THE INPUT
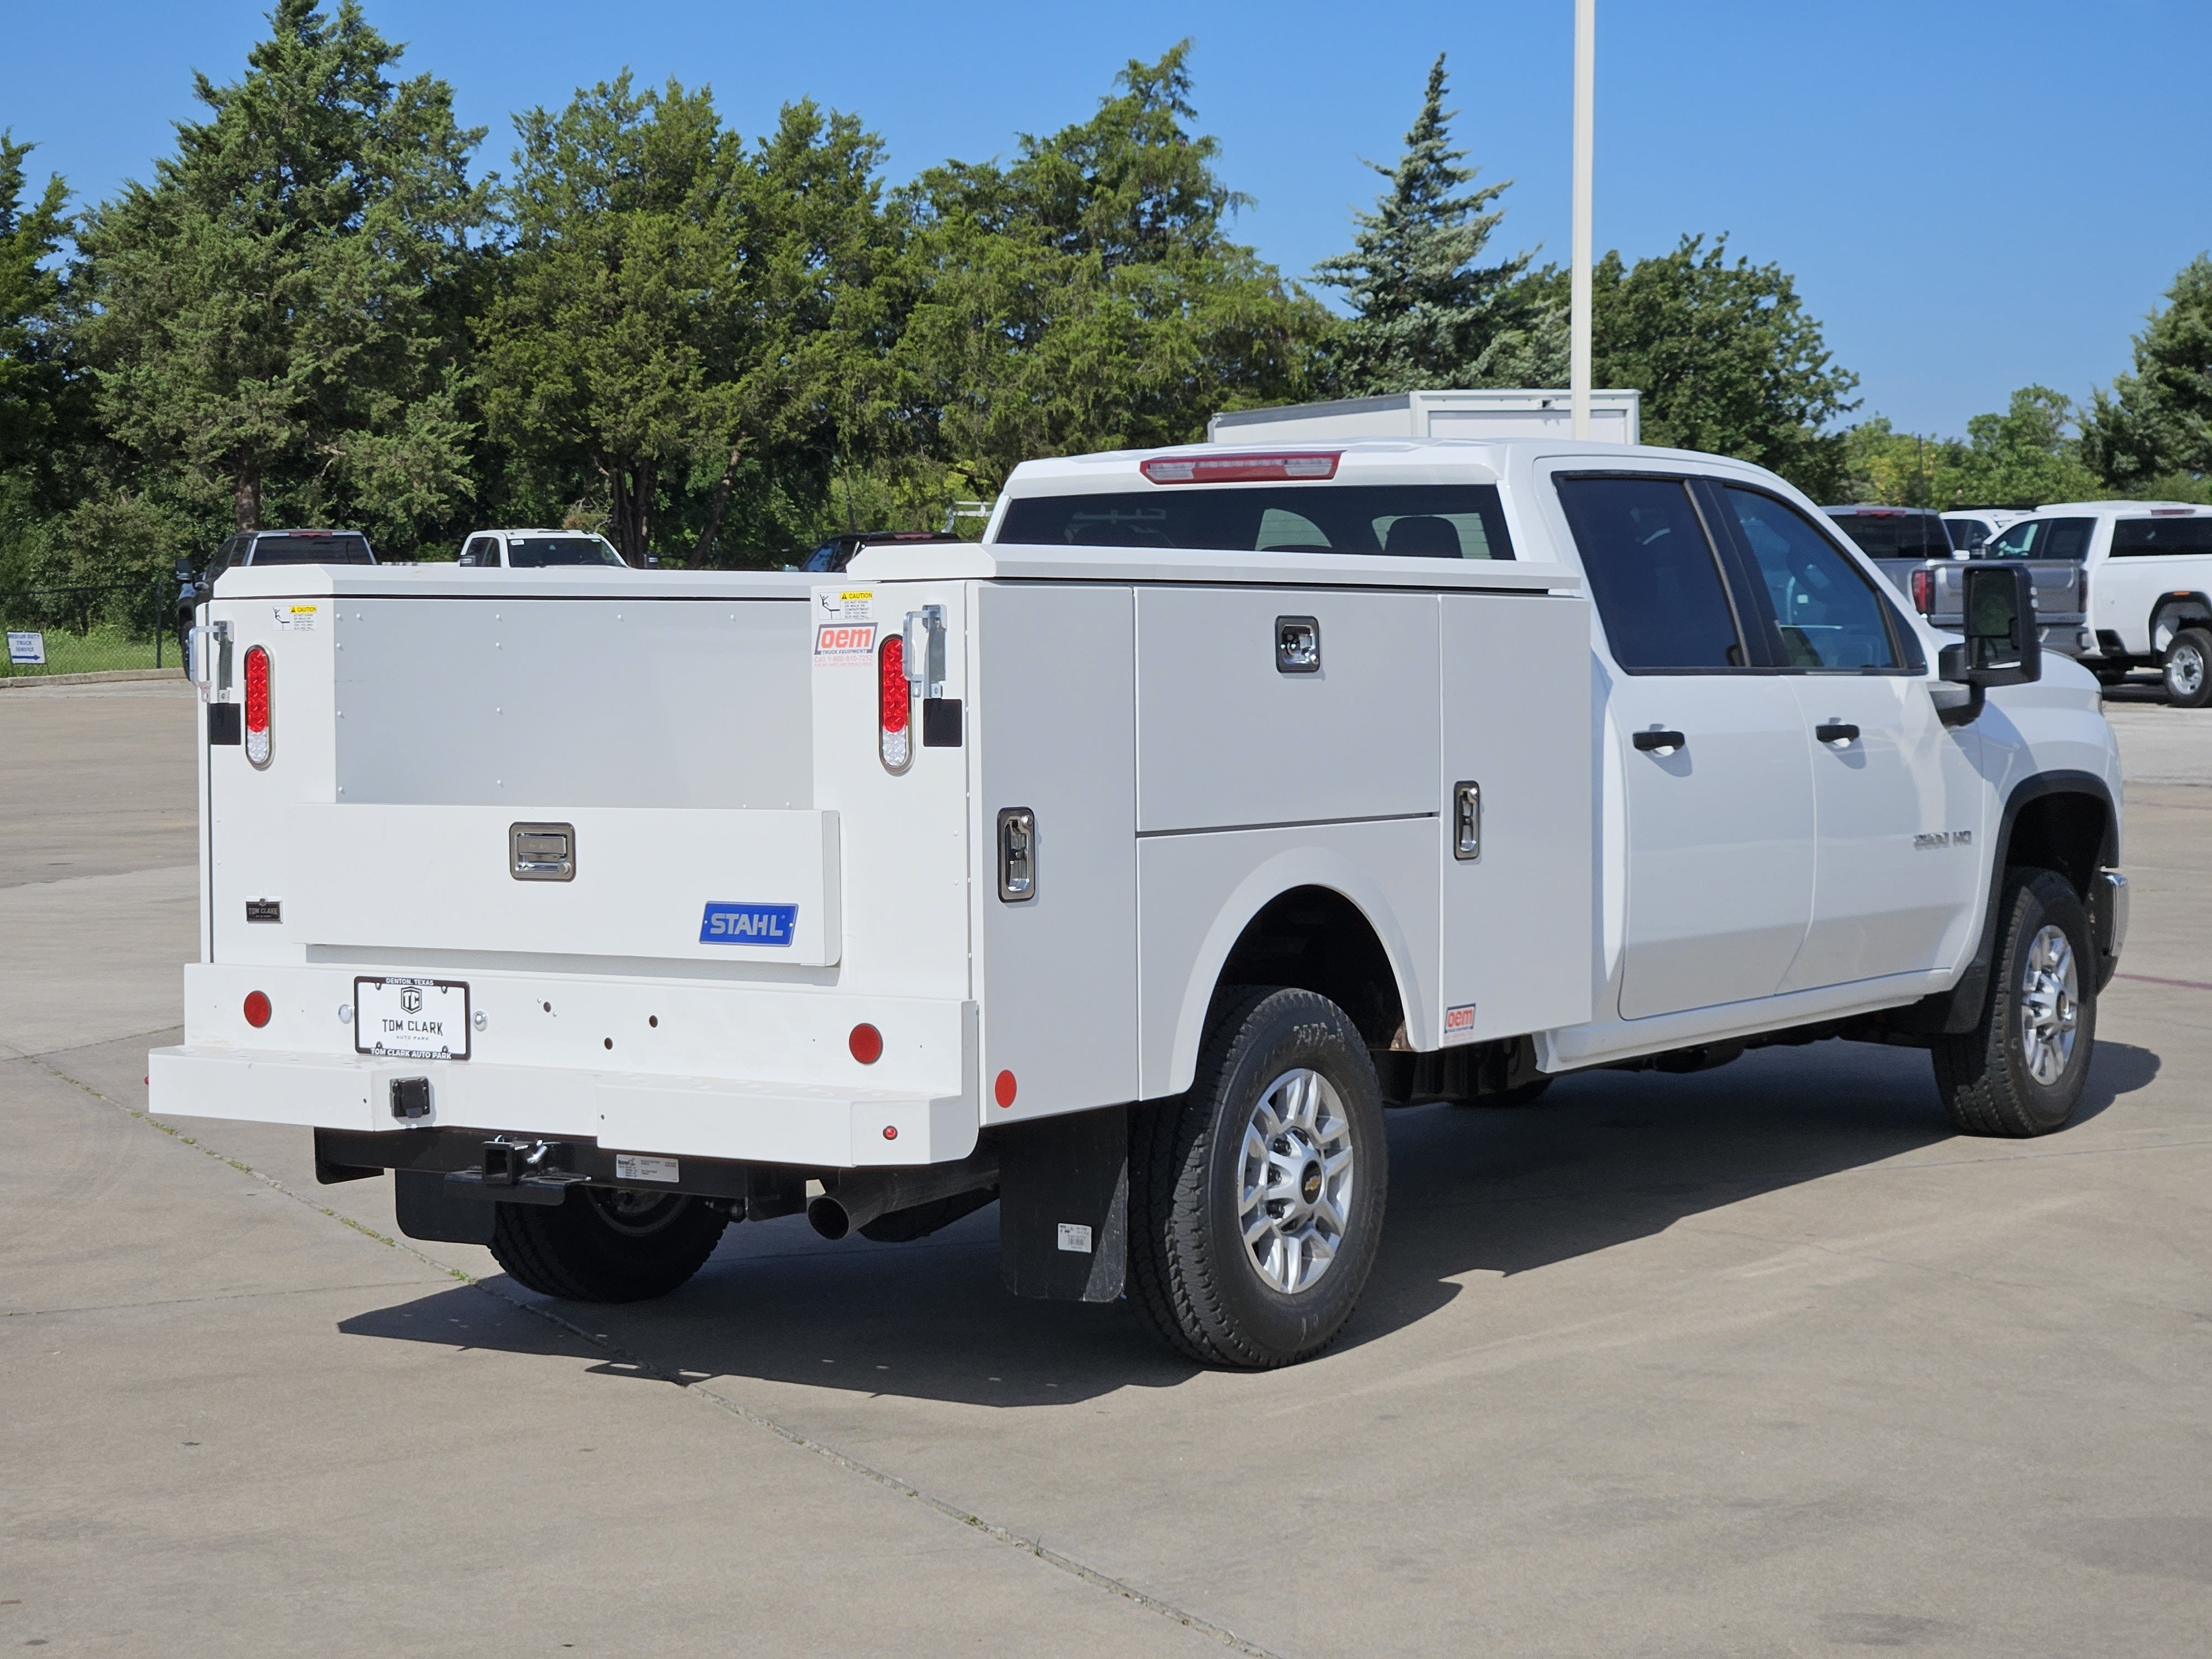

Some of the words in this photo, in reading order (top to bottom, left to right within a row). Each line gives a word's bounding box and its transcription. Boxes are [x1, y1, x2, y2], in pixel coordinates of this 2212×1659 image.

[821, 629, 872, 649] oem
[710, 912, 784, 936] STAHL
[1447, 1009, 1473, 1027] oem
[382, 1019, 404, 1032] TOM
[408, 1020, 444, 1036] CLARK
[388, 1049, 411, 1057] CLARK
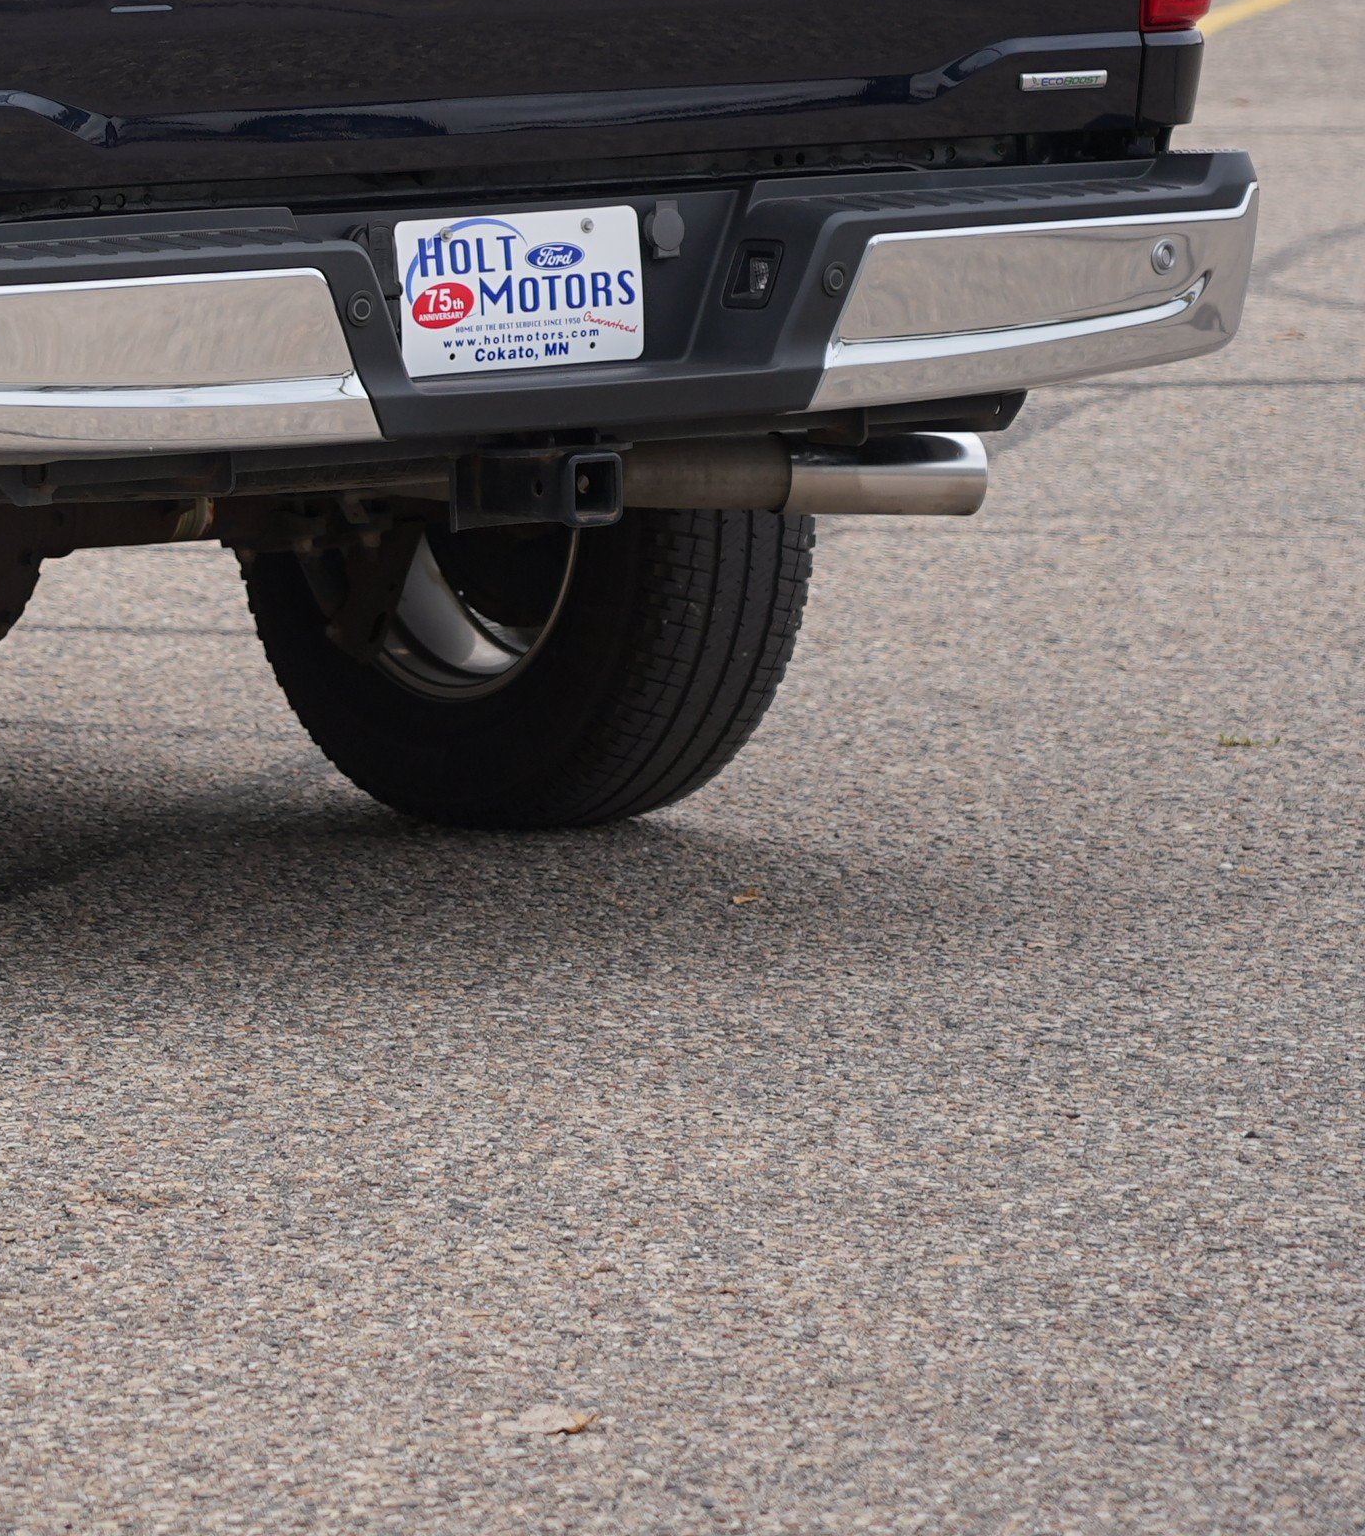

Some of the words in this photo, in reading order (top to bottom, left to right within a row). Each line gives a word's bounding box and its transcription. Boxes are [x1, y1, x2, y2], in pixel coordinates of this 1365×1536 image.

ASSIGNMENT
Transcribe each entry above exactly, apart from the pictures.

ANSWER FOR THE TASK
Some of the words in this photo, in reading order (top to bottom, left to right within a row). Each line gives a word's bounding box and its transcription. Boxes are [x1, y1, x2, y2], in pixel coordinates of this 2212×1659 image.

[821, 629, 872, 649] oem
[710, 912, 784, 936] STAHL
[1447, 1009, 1473, 1027] oem
[382, 1019, 404, 1032] TOM
[408, 1020, 444, 1036] CLARK
[388, 1049, 411, 1057] CLARK

Some of the words in this photo, in reading order (top to bottom, left to right within a row). Each line gives a word's bounding box and its transcription. Boxes are [x1, y1, x2, y2], in pixel coordinates of this 1365×1536 image.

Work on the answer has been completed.